━━━━━ Data for this exercise

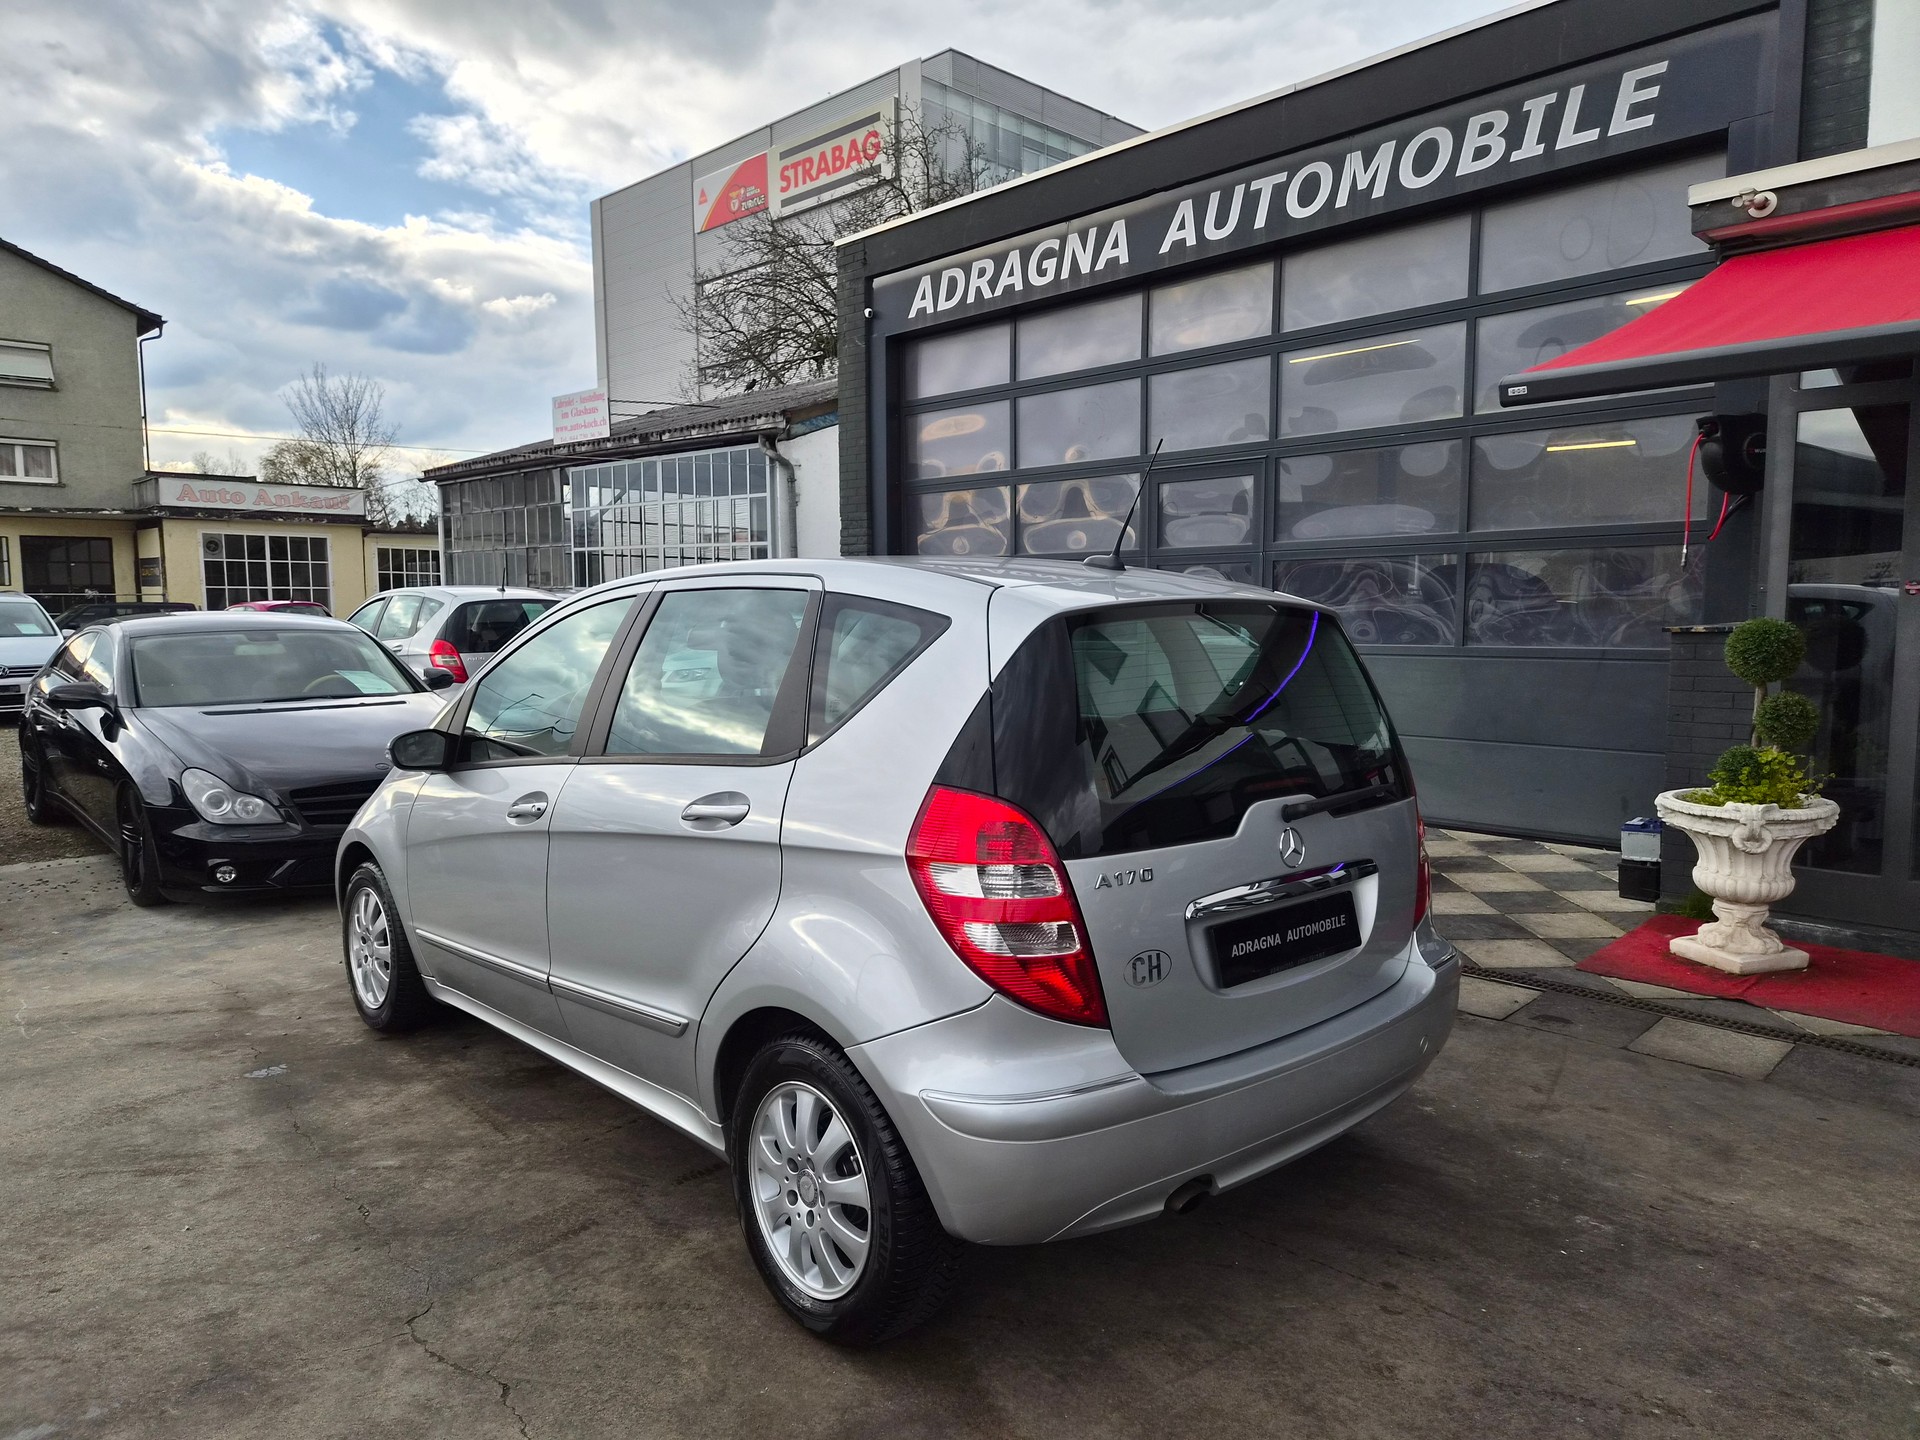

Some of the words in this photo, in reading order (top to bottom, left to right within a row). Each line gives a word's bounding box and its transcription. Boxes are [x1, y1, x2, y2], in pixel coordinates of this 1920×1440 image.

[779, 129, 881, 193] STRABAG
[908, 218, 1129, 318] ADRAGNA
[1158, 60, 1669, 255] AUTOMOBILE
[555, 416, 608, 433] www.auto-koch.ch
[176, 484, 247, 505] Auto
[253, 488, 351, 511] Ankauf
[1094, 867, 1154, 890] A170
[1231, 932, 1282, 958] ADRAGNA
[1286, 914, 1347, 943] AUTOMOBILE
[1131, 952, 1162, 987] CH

━━━━━━━━━━

→ **The problem**: The records need to be restated word for word, minus any images.

→ **Solved problem**:
Some of the words in this photo, in reading order (top to bottom, left to right within a row). Each line gives a word's bounding box and its transcription. Boxes are [x1, y1, x2, y2], in pixel coordinates of this 1920×1440 image.

[779, 129, 881, 193] STRABAG
[908, 218, 1129, 318] ADRAGNA
[1158, 60, 1669, 255] AUTOMOBILE
[555, 416, 608, 433] www.auto-koch.ch
[176, 484, 247, 505] Auto
[253, 488, 351, 511] Ankauf
[1094, 867, 1154, 890] A170
[1231, 932, 1282, 958] ADRAGNA
[1286, 914, 1347, 943] AUTOMOBILE
[1131, 952, 1162, 987] CH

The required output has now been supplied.